Catholic cardinals began talks on Monday ahead of a conclave to elect the next pope, following Benedict XVI’s historic resignation, as a British cardinal not in attendance admitted to sexual misconduct with priests.
Scotland’s Keith O’Brien recused himself last month after allegations dating back to the 1980s surfaced.
“My sexual conduct has fallen below the standards expected of me as a priest, archbishop and cardinal,” he said Sunday, days after resigning his post and retiring.
A string of new scandals and allegations have emerged since Benedict became only the second pope in the Church’s 2,000-year history to step down of his own free will.
The Vatican meetings starting on Monday, known as “general congregations”, set the date for the start of the conclave and help identify candidates to be leader of the world’s 1.2 bilion Catholics.

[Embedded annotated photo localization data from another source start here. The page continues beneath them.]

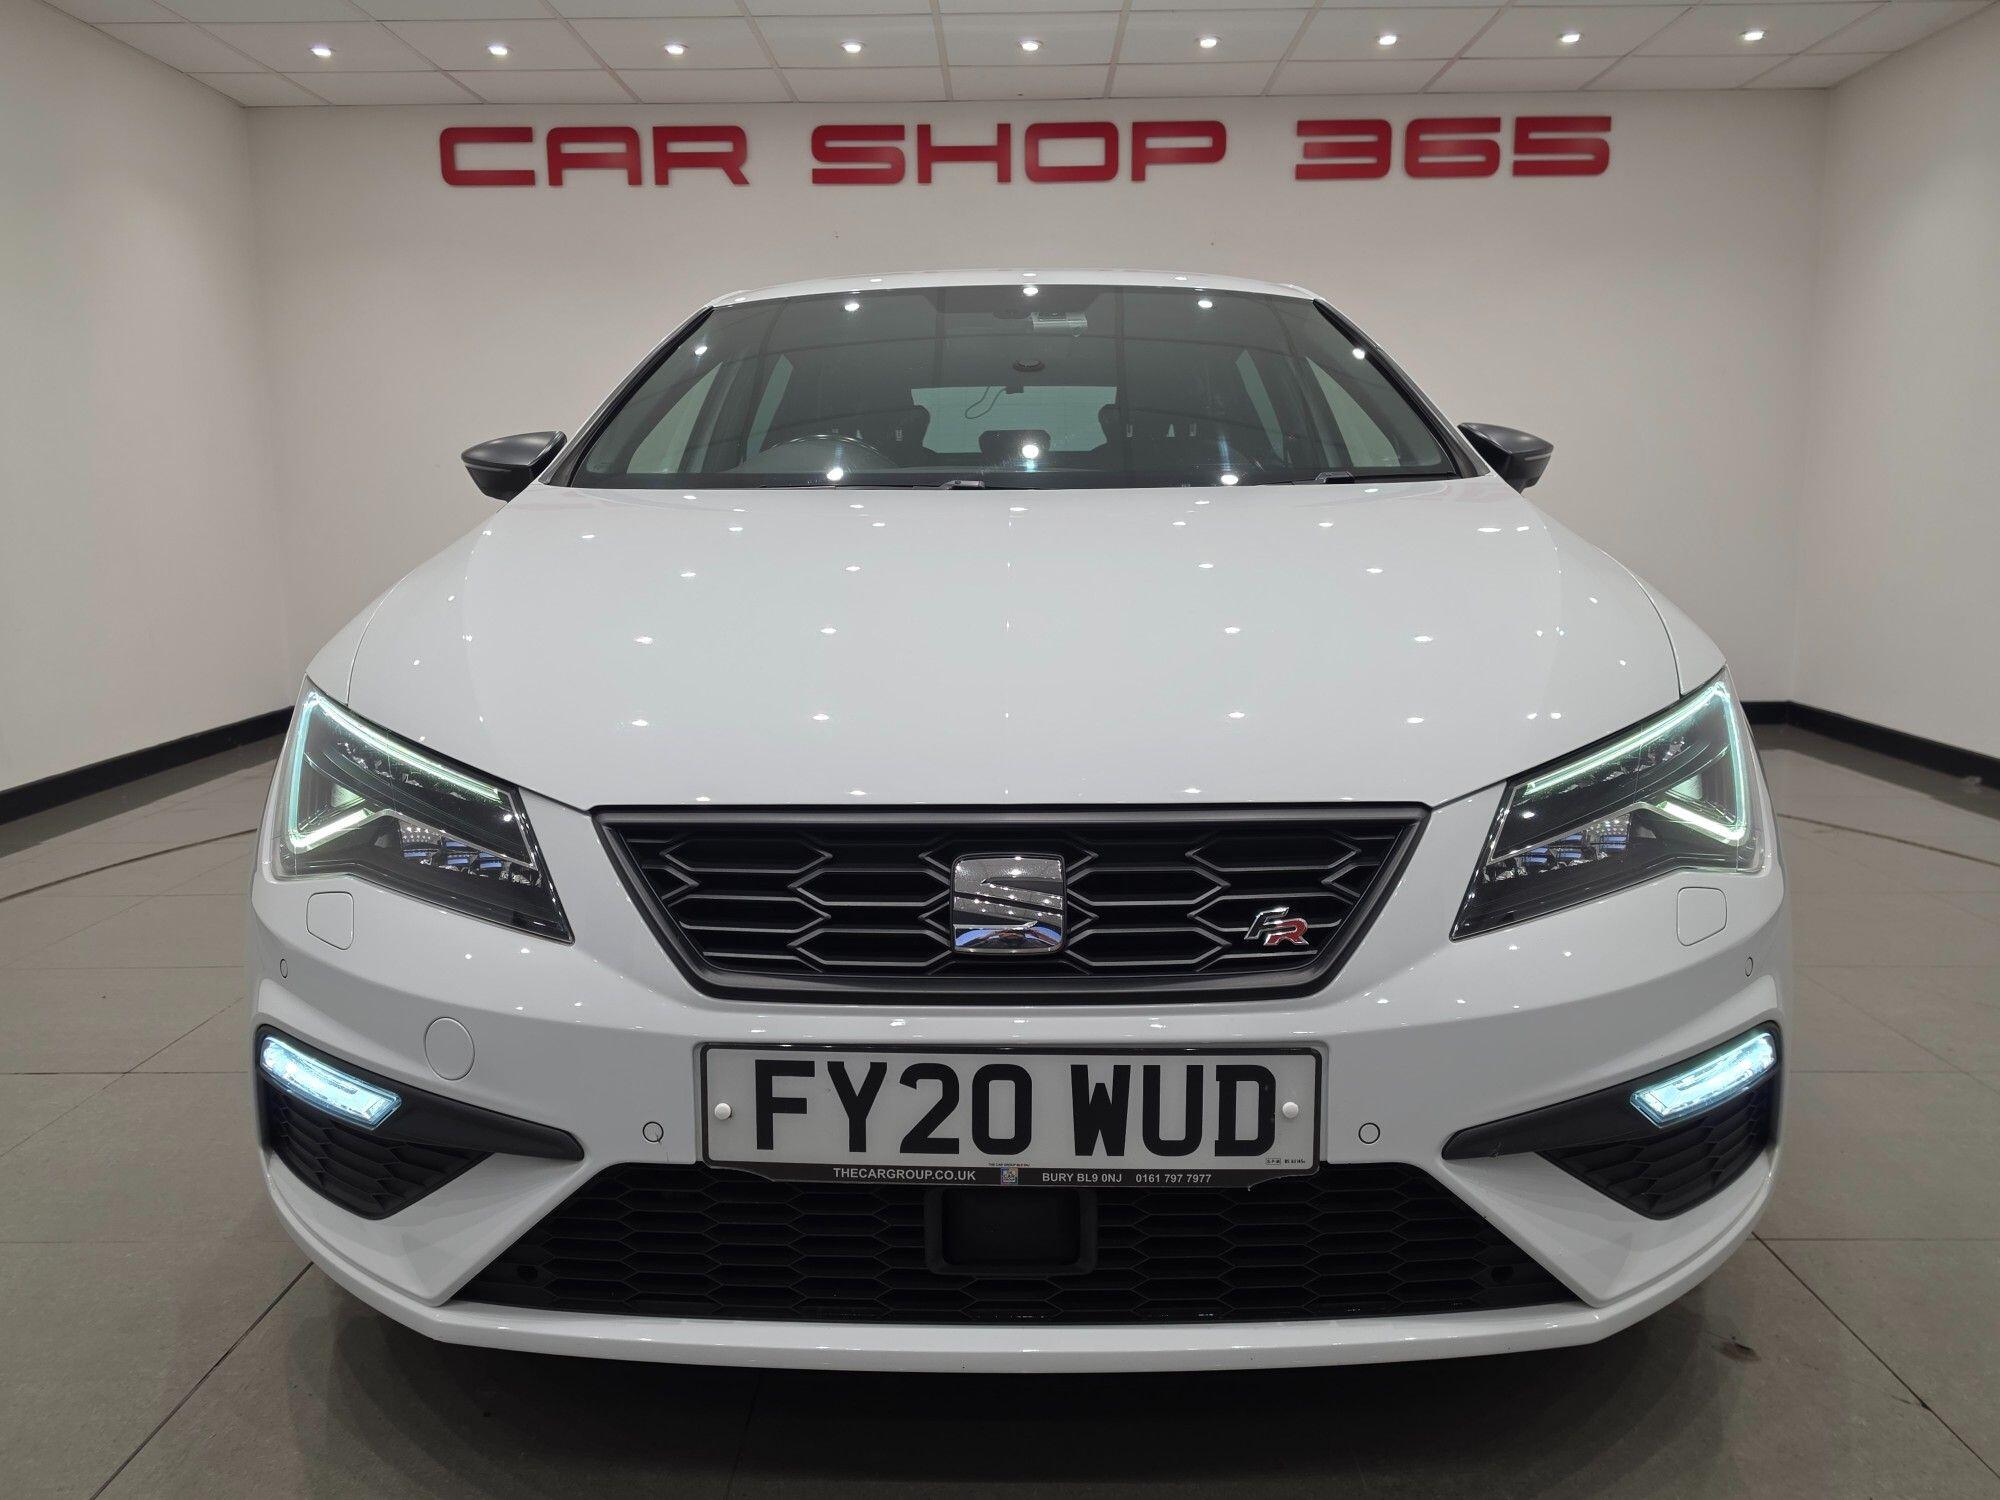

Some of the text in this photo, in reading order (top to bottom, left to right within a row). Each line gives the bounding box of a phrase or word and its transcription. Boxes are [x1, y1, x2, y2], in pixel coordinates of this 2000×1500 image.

[441, 116, 1611, 187] CAR SHOP 365
[1243, 907, 1310, 946] FR
[755, 1058, 1277, 1157] FY20 WUD
[833, 1167, 977, 1181] THECARGROUP.CO.UK
[1042, 1172, 1074, 1182] BURY
[1077, 1173, 1099, 1183] BL9
[1135, 1173, 1161, 1183] 0161
[1164, 1173, 1184, 1183] 797
[1187, 1173, 1212, 1183] 7977

The Vatican is now expecting 115 “cardinal electors” — cardinals aged under 80 — to attend the conclave after O’Brien opted out and an Indonesian cardinal said he was too sick to attend.

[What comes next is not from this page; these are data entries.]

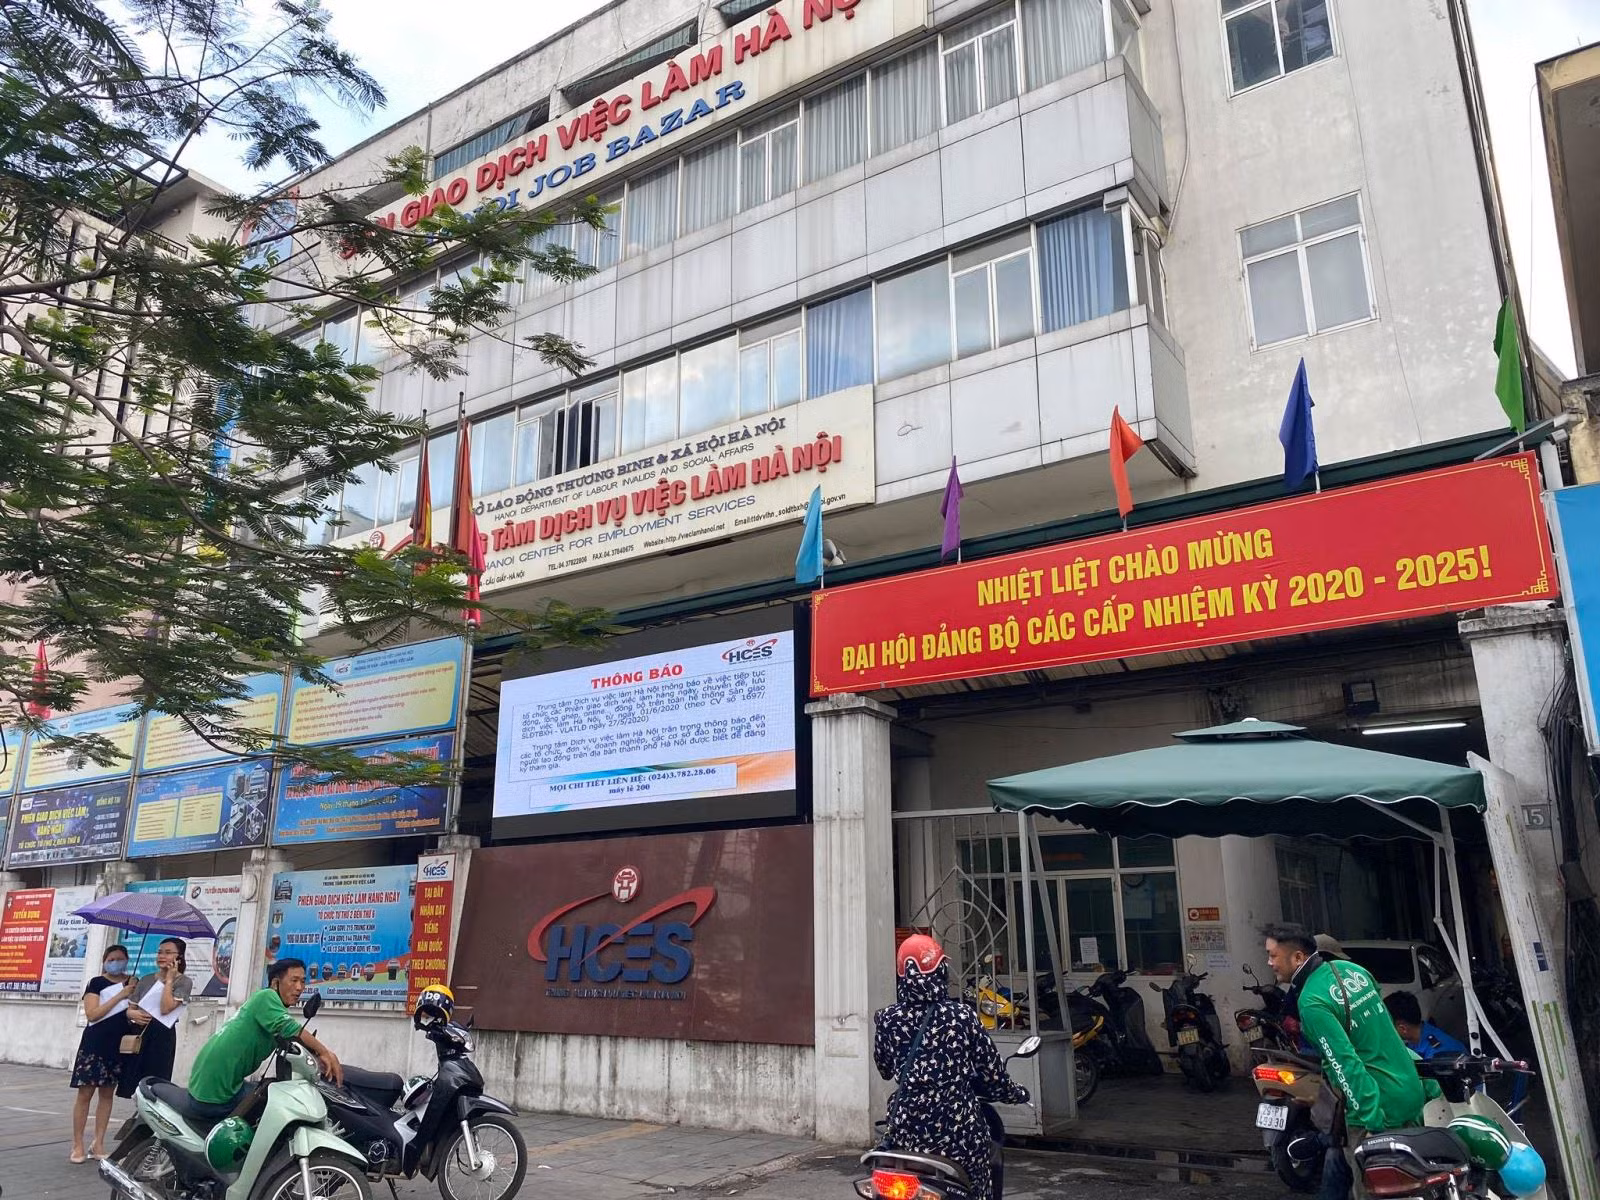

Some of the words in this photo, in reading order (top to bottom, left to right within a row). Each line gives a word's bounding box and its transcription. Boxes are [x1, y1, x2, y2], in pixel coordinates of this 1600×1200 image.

[401, 177, 468, 228] GIAO
[476, 134, 548, 192] DỊCH
[557, 95, 632, 150] VIỆC
[640, 44, 723, 111] LÀM
[734, 8, 792, 65] HÀ
[528, 152, 596, 199] JOB
[606, 79, 746, 162] BAZAR
[487, 497, 513, 512] LAO
[515, 485, 553, 504] ĐỘNG
[556, 468, 614, 492] THƯƠNG
[617, 456, 653, 475] BINH
[656, 453, 667, 464] &
[670, 442, 692, 460] XÃ
[696, 434, 725, 453] HỘI
[727, 425, 752, 444] HÀ
[754, 417, 785, 436] NỘI
[491, 519, 535, 551] TÂM
[539, 504, 593, 541] DỊCH
[596, 495, 627, 526] VỤ
[631, 478, 686, 516] VIỆC
[690, 462, 746, 500] LÀM
[750, 445, 788, 485] HÀ
[792, 431, 841, 474] NỘI
[494, 509, 517, 521] HANOI
[520, 494, 568, 514] DEPARTMENT
[572, 490, 582, 500] OF
[586, 481, 617, 496] LABOUR
[622, 470, 655, 486] INVALIDS
[660, 464, 677, 475] AND
[683, 454, 713, 469] SOCIAL
[718, 442, 753, 459] AFFAIRS
[519, 543, 563, 562] CENTER
[569, 536, 592, 550] FOR
[598, 513, 681, 543] EMPLOYMENT
[687, 494, 755, 520] SERVICES
[977, 567, 1044, 607] NHIỆT
[1051, 555, 1101, 596] LIỆT
[1108, 544, 1179, 584] CHÀO
[1187, 528, 1274, 570] MỪNG
[841, 643, 875, 675] ĐẠI
[881, 633, 916, 669] HỘI
[922, 622, 982, 661] ĐẢNG
[988, 615, 1020, 654] BỘ
[1027, 609, 1076, 646] CÁC
[1083, 593, 1135, 637] CẤP
[1143, 585, 1235, 628] NHIỆM
[1241, 573, 1279, 614] KỲ
[1289, 566, 1364, 607] 2020
[1374, 575, 1386, 585] -
[1395, 544, 1493, 592] 2025!
[590, 671, 642, 688] THÔNG
[649, 663, 682, 679] BÁO
[728, 645, 772, 662] HCES
[568, 781, 583, 789] CHI
[586, 779, 605, 787] TIẾT
[607, 776, 627, 785] LIÊN
[636, 783, 650, 791] 200
[1523, 809, 1544, 826] 15
[544, 922, 694, 983] HCES
[425, 992, 440, 1000] be
[1367, 1136, 1396, 1146] HONDA

The field for next pope remains wide open, with possible candidates from every corner of the world and from both progressive and traditionalist wings of the Church.
The pre-conclave meetings, which are expected to last for most of the week, are also a way to identify what the priorities for the next pope should be.
Benedict’s eight-year pontificate was often overshadowed by Vatican intrigue and scandals in Europe and North America over sexual abuse by paedophile priests going back decades and the cover-up of those crimes by senior prelates.
Church leaders are also concerned about issues like priestly celibacy, treatment of gays, attitudes towards divorcees, the Catholic stance on contraception as well as inter-religious dialogue, particularly with Islam.
Benedict’s effort to revive faith amid rising secularism is also crucial.
“We will confront the most important issues: evangelization and the new evangelization of lands with a Christian tradition,” Colombian cardinal Ruben Salazar Gomez told Italian daily Corriere della Sera on the eve of the meeting.